═════ Listed records ═════

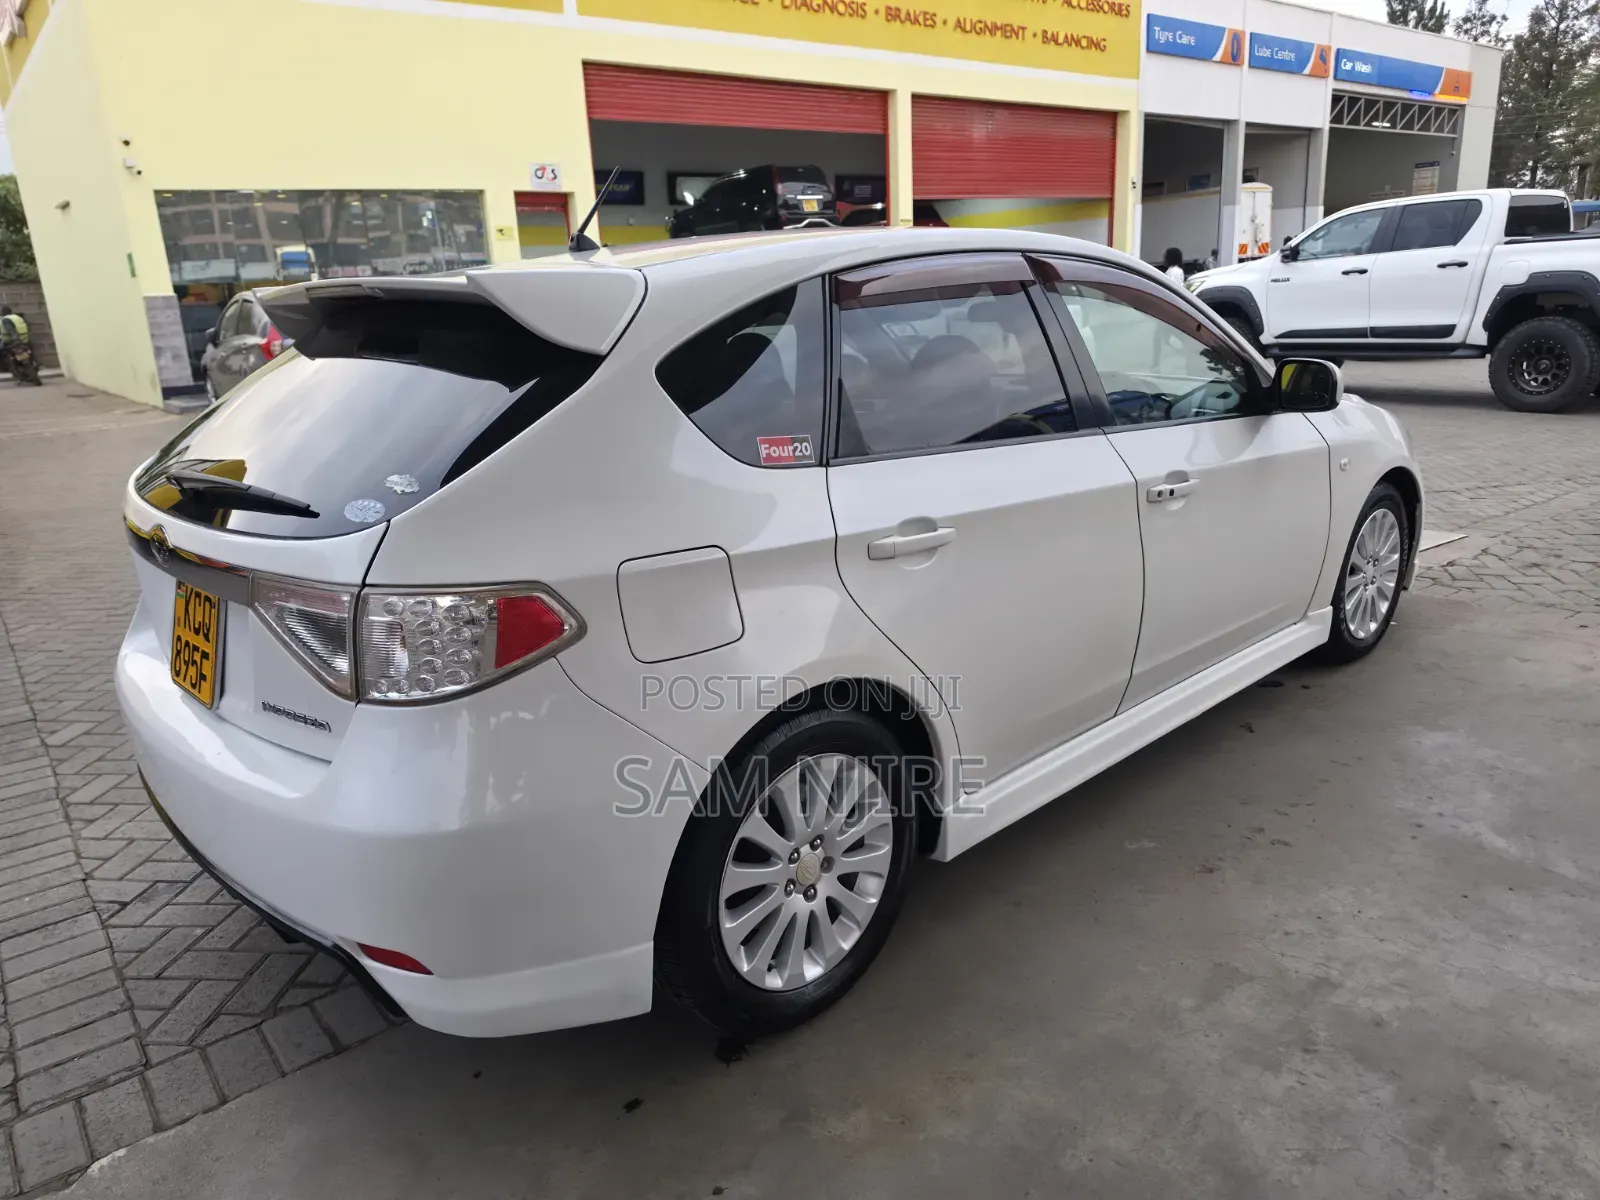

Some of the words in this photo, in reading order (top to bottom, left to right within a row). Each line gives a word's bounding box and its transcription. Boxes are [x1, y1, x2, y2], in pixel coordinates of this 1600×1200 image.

[781, 0, 868, 19] DIAGNOSIS
[884, 5, 937, 29] BRAKES
[953, 16, 1028, 41] ALIGNMENT
[1041, 29, 1107, 52] BALANCING
[1153, 26, 1174, 43] Tyre
[1176, 31, 1196, 46] Care
[1254, 44, 1272, 58] Lube
[1273, 47, 1296, 62] Centre
[1341, 59, 1353, 71] Car
[1354, 61, 1373, 73] Wash
[760, 442, 811, 458] Four20
[184, 584, 212, 644] KCQ
[174, 634, 210, 694] 895F
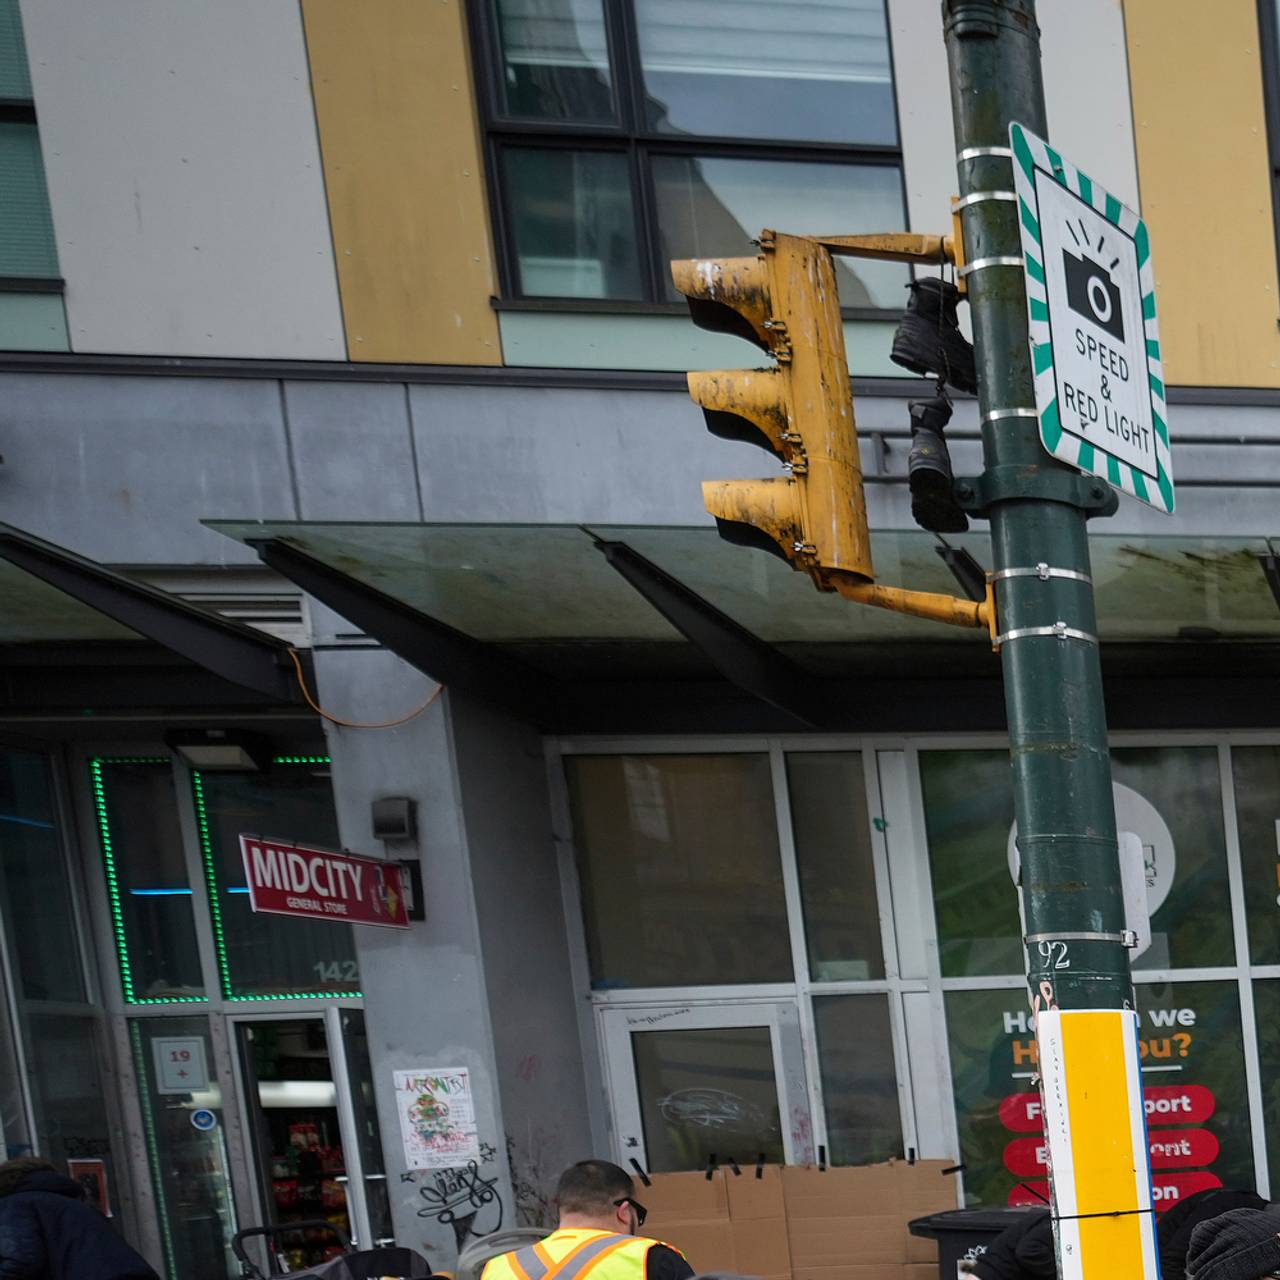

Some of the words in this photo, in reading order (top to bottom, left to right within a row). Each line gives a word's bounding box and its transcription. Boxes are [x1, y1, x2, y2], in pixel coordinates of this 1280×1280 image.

[1075, 326, 1129, 382] SPEED
[1100, 374, 1113, 403] &
[1064, 382, 1099, 423] RED
[1104, 404, 1149, 454] LIGHT
[251, 846, 363, 902] MIDCITY
[286, 896, 322, 912] GENERAL
[324, 901, 349, 915] STORE
[1039, 940, 1071, 969] 92
[314, 960, 359, 983] 142
[1148, 1007, 1197, 1028] we
[170, 1049, 191, 1063] 19
[1138, 1032, 1193, 1058] ou?
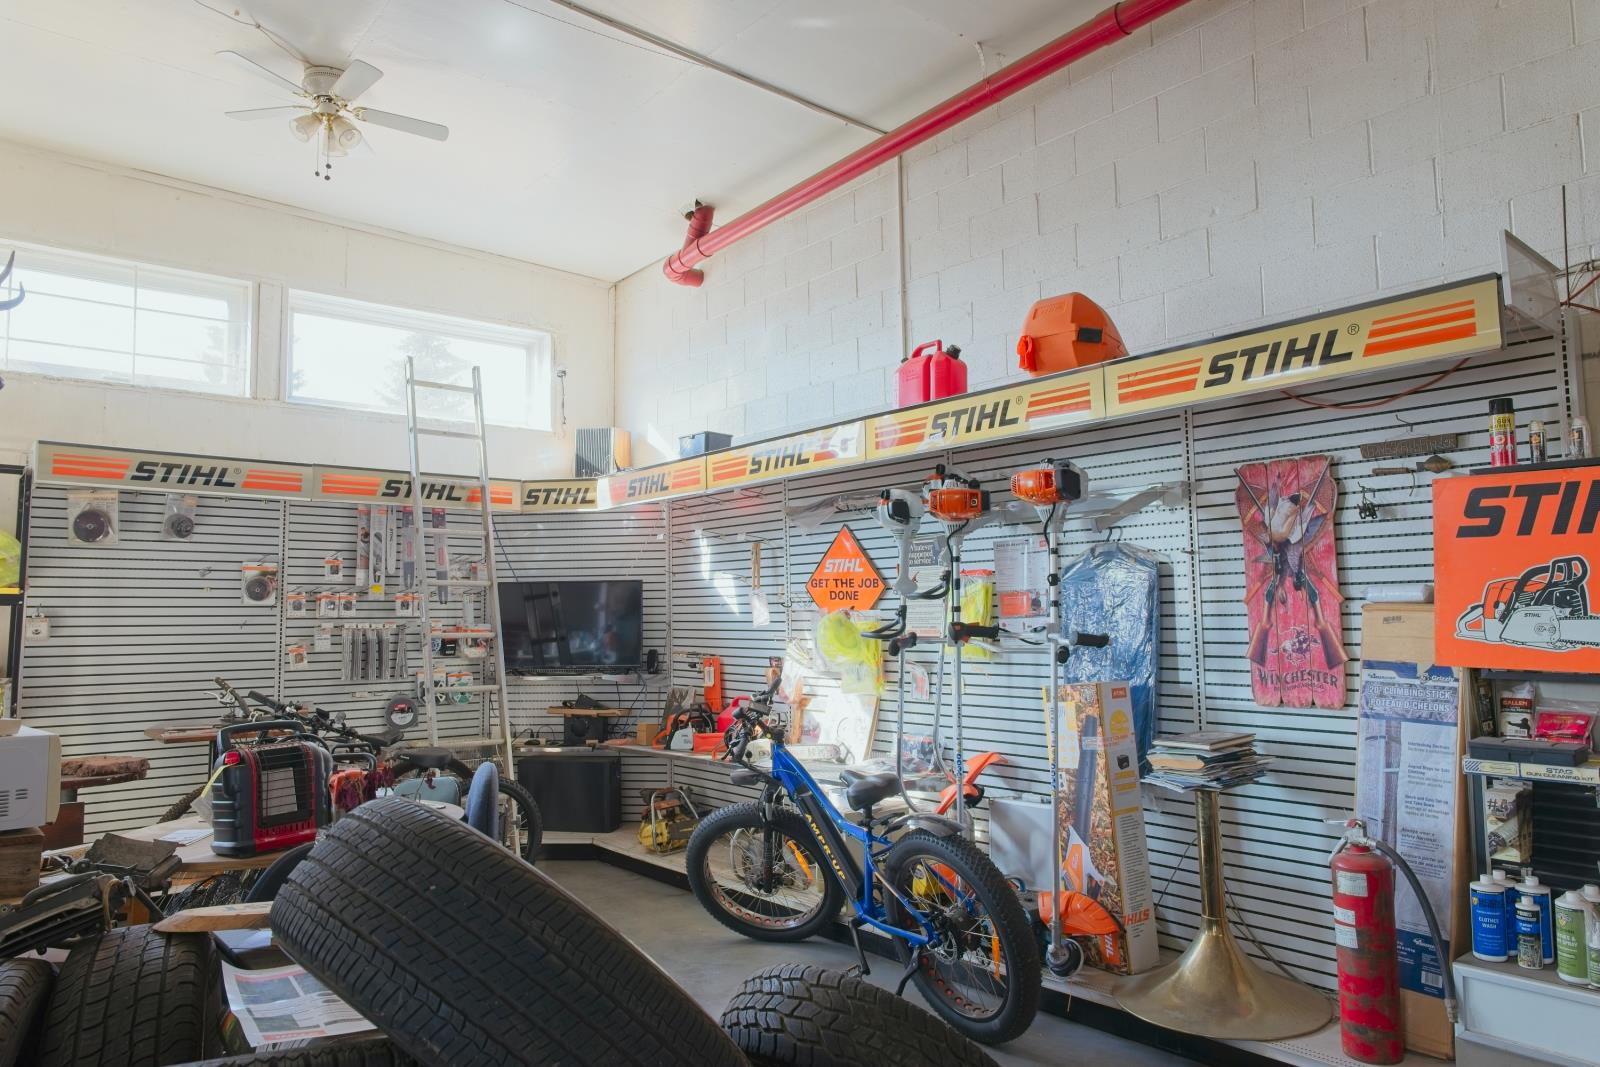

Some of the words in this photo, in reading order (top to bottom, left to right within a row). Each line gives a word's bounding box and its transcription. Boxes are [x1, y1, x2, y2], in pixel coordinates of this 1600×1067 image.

[1203, 329, 1353, 388] STIHL
[929, 399, 1019, 437] STIHL
[749, 443, 810, 475] STIHL
[130, 461, 236, 488] STIHL
[627, 473, 670, 498] STIHL
[523, 487, 596, 506] STIHL
[824, 558, 864, 573] STIHL
[811, 578, 830, 588] GET
[833, 578, 855, 588] THE
[858, 578, 879, 588] JOB
[829, 590, 859, 600] DONE
[1257, 667, 1339, 689] WINCHESTER
[1384, 686, 1424, 698] CLIMBING
[1426, 689, 1451, 700] STICK
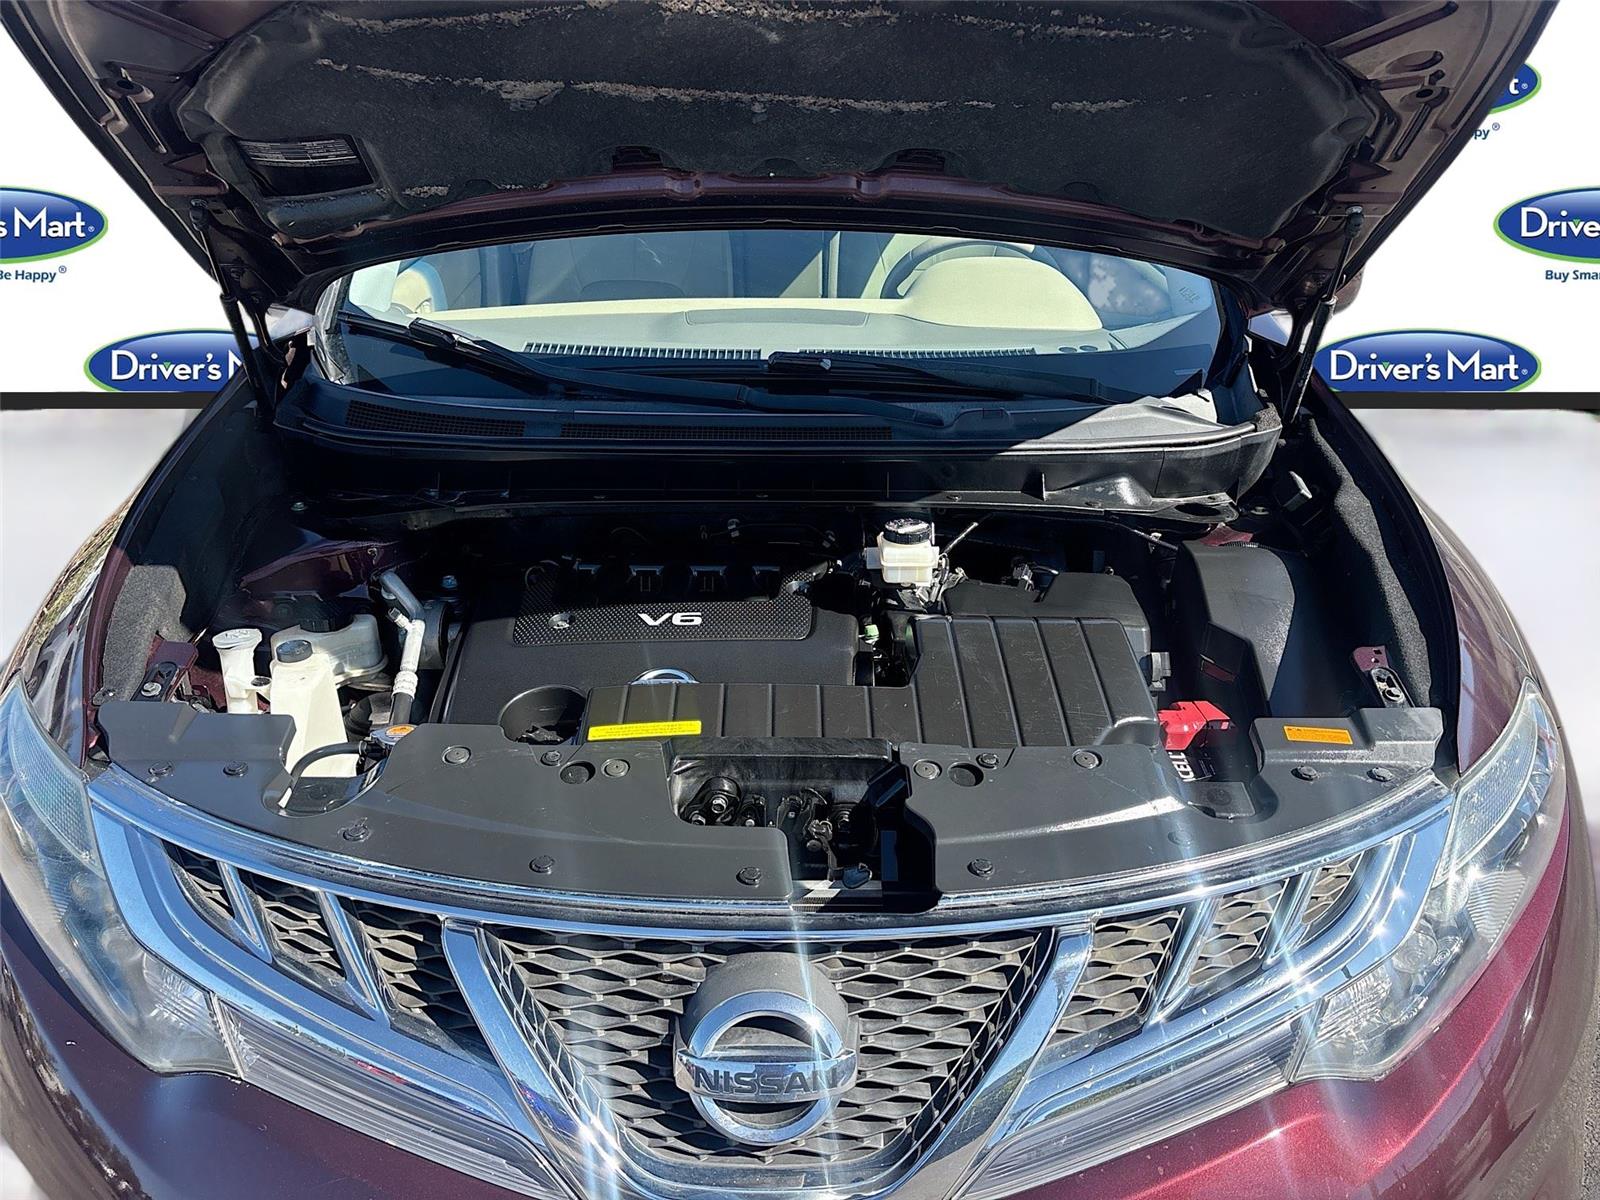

═════

**Activity:**
Retype all records exactly as shown above, images excluded.

**Answer to this task:**
Some of the words in this photo, in reading order (top to bottom, left to right within a row). Each line gives a word's bounding box and its transcription. Boxes are [x1, y1, x2, y2], in pixel coordinates of this 1600×1200 image.

[781, 0, 868, 19] DIAGNOSIS
[884, 5, 937, 29] BRAKES
[953, 16, 1028, 41] ALIGNMENT
[1041, 29, 1107, 52] BALANCING
[1153, 26, 1174, 43] Tyre
[1176, 31, 1196, 46] Care
[1254, 44, 1272, 58] Lube
[1273, 47, 1296, 62] Centre
[1341, 59, 1353, 71] Car
[1354, 61, 1373, 73] Wash
[760, 442, 811, 458] Four20
[184, 584, 212, 644] KCQ
[174, 634, 210, 694] 895F

Some of the words in this photo, in reading order (top to bottom, left to right within a row). Each line gives a word's bounding box and its transcription. Boxes are [x1, y1, x2, y2], in pixel coordinates of this 1280×1280 image.

[1075, 326, 1129, 382] SPEED
[1100, 374, 1113, 403] &
[1064, 382, 1099, 423] RED
[1104, 404, 1149, 454] LIGHT
[251, 846, 363, 902] MIDCITY
[286, 896, 322, 912] GENERAL
[324, 901, 349, 915] STORE
[1039, 940, 1071, 969] 92
[314, 960, 359, 983] 142
[1148, 1007, 1197, 1028] we
[170, 1049, 191, 1063] 19
[1138, 1032, 1193, 1058] ou?

Some of the words in this photo, in reading order (top to bottom, left to right within a row). Each line gives a word's bounding box and its transcription. Boxes are [x1, y1, x2, y2], in pixel coordinates of this 1600×1067 image.

[1203, 329, 1353, 388] STIHL
[929, 399, 1019, 437] STIHL
[749, 443, 810, 475] STIHL
[130, 461, 236, 488] STIHL
[627, 473, 670, 498] STIHL
[523, 487, 596, 506] STIHL
[824, 558, 864, 573] STIHL
[811, 578, 830, 588] GET
[833, 578, 855, 588] THE
[858, 578, 879, 588] JOB
[829, 590, 859, 600] DONE
[1257, 667, 1339, 689] WINCHESTER
[1384, 686, 1424, 698] CLIMBING
[1426, 689, 1451, 700] STICK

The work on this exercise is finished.